Because the state habeas court adjudicated Martin’s habeas application on the merits, we
apply the deferential standard of review of § 2254(d). We may not grant habeas relief unless the state
court’s decision “resulted in a decision that was contrary to, or involved an unreasonable application
of clearly established Federal law, as determined by the Supreme Court” or “resulted in a decision that
was based on an unreasonable determination of the facts in light of the evidence presented in the State
court proceeding.” 28 U.S.C. § 2254(d). Alleged Brady violations are mixed questions of law and
fact that we review under the 2254(d) scheme on collateral review. See Brown v. Cain, 104 F.3d
744, 750 (5th Cir. 1997).
Martin argues that had the prosecution disclosed the medical records, his confession would
have been suppressed as involuntary.1 The state habeas court rejected this argument because Martin
failed to present any evidence that the medication affected the voluntariness of his confession.

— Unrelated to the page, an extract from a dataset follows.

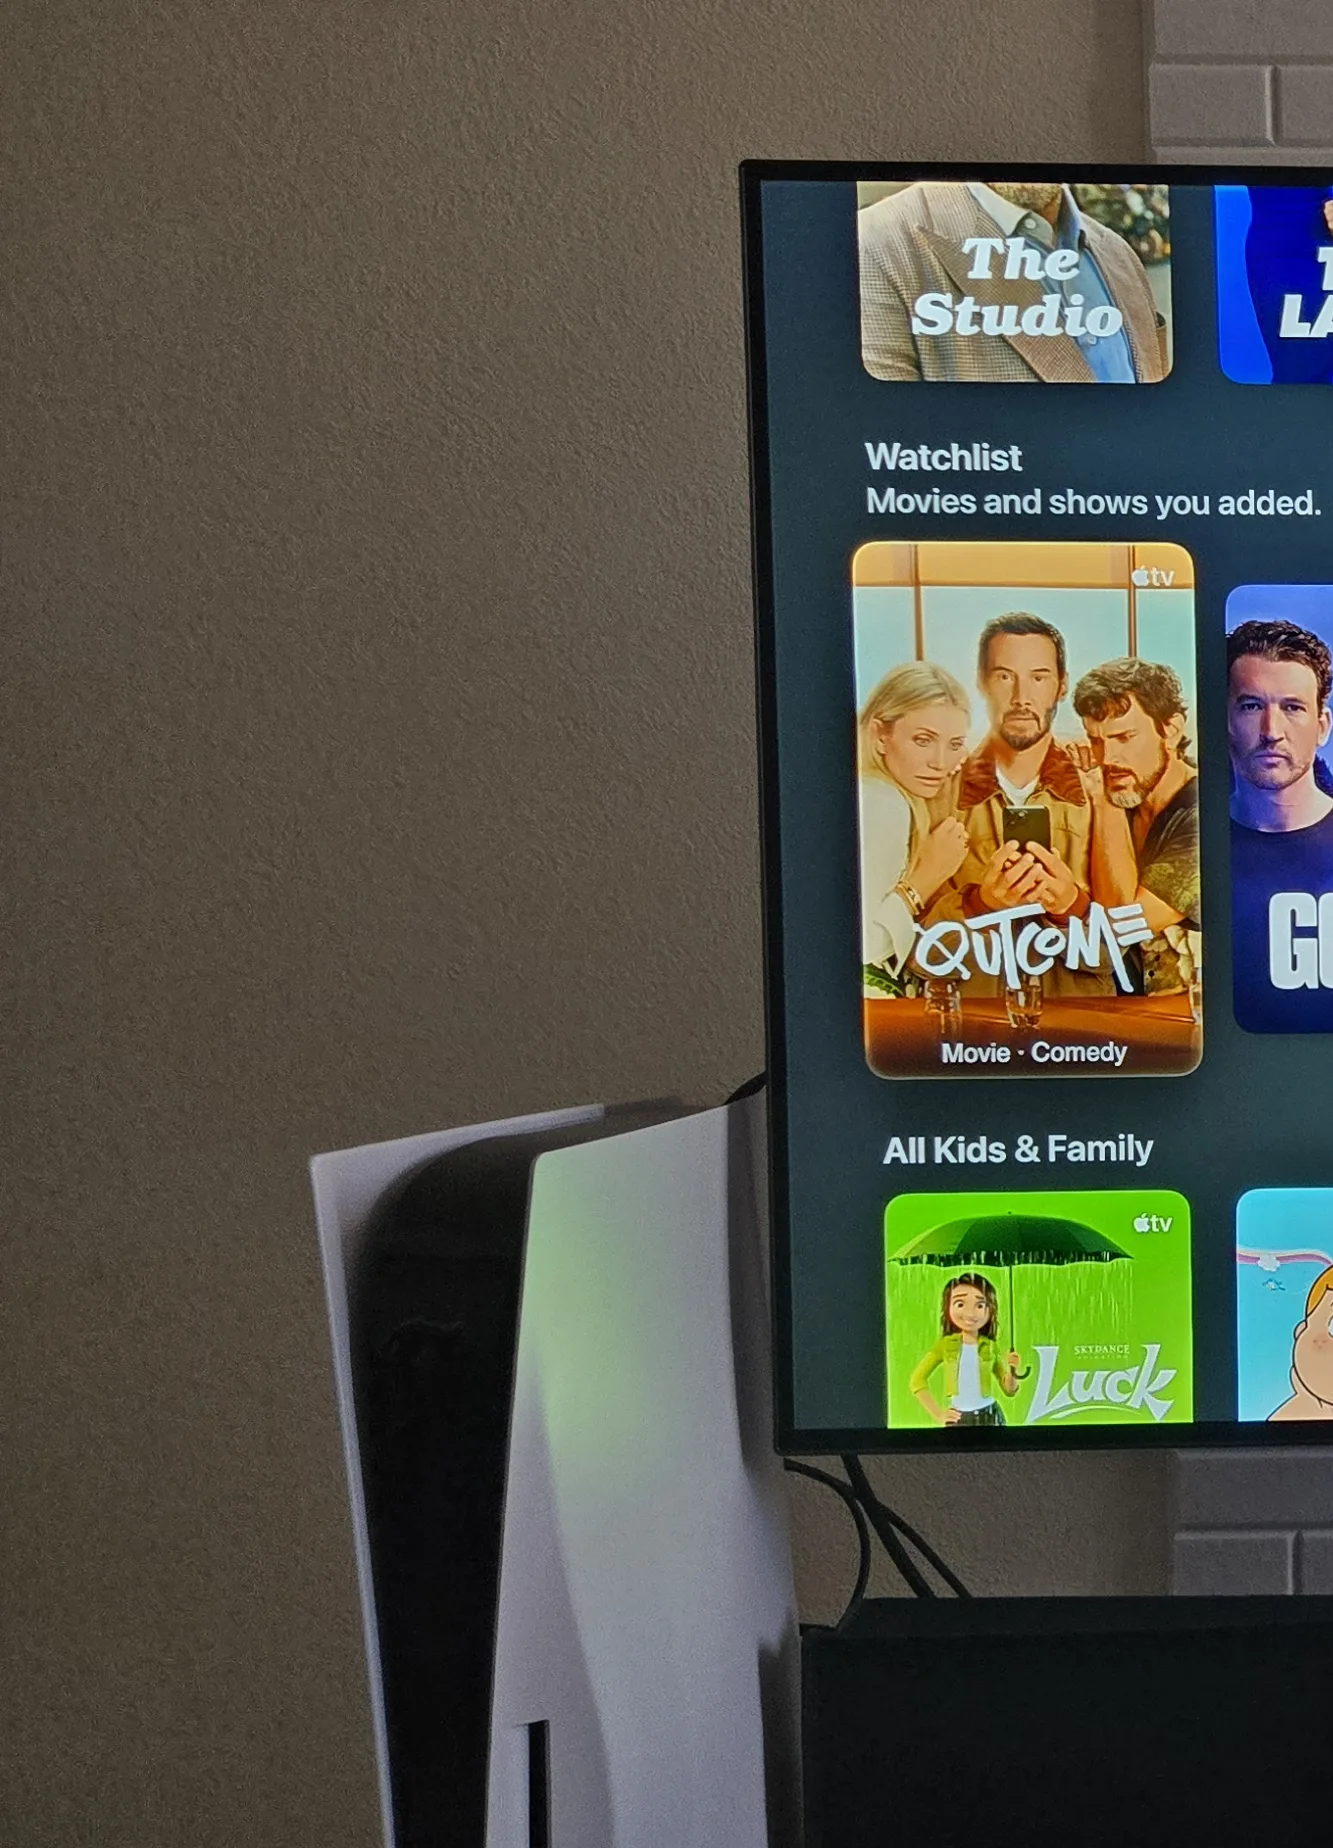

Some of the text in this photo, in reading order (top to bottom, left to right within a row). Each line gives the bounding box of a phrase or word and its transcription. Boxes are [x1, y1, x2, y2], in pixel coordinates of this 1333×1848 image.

Accordingly, we must decide if this requirement of the state habeas court was an unreasonable
application of the Brady jurisprudence. Under Brady, “the suppression by the prosecution of
evidence favorable to an accused upon request violates due process where the evidence is material
either to guilt or punishment, irrespective of the good faith or bad faith of the prosecution.” Brady,
373 U.S. at 87. The Brady standard is violated where (1) the prosecution withholds evidence (2) that
1
Martin presents a second issue of “whether the state offered into evidence false and/or
misleading testimony which could have been rebutted by the withheld evidence, and misled the court
based on false testimony in violation of Napue v. Illinois, 360 U.S. 264 (1959).” Although this is a
claim related to the alleged Brady violation, it is not the claim on which Martin was granted a COA.
In the absence of an explicit request to broaden the COA and approval of that request, we will not
consider this second issue. See United States v. Kimler, 150 F.3d 429 (5th Cir. 1998).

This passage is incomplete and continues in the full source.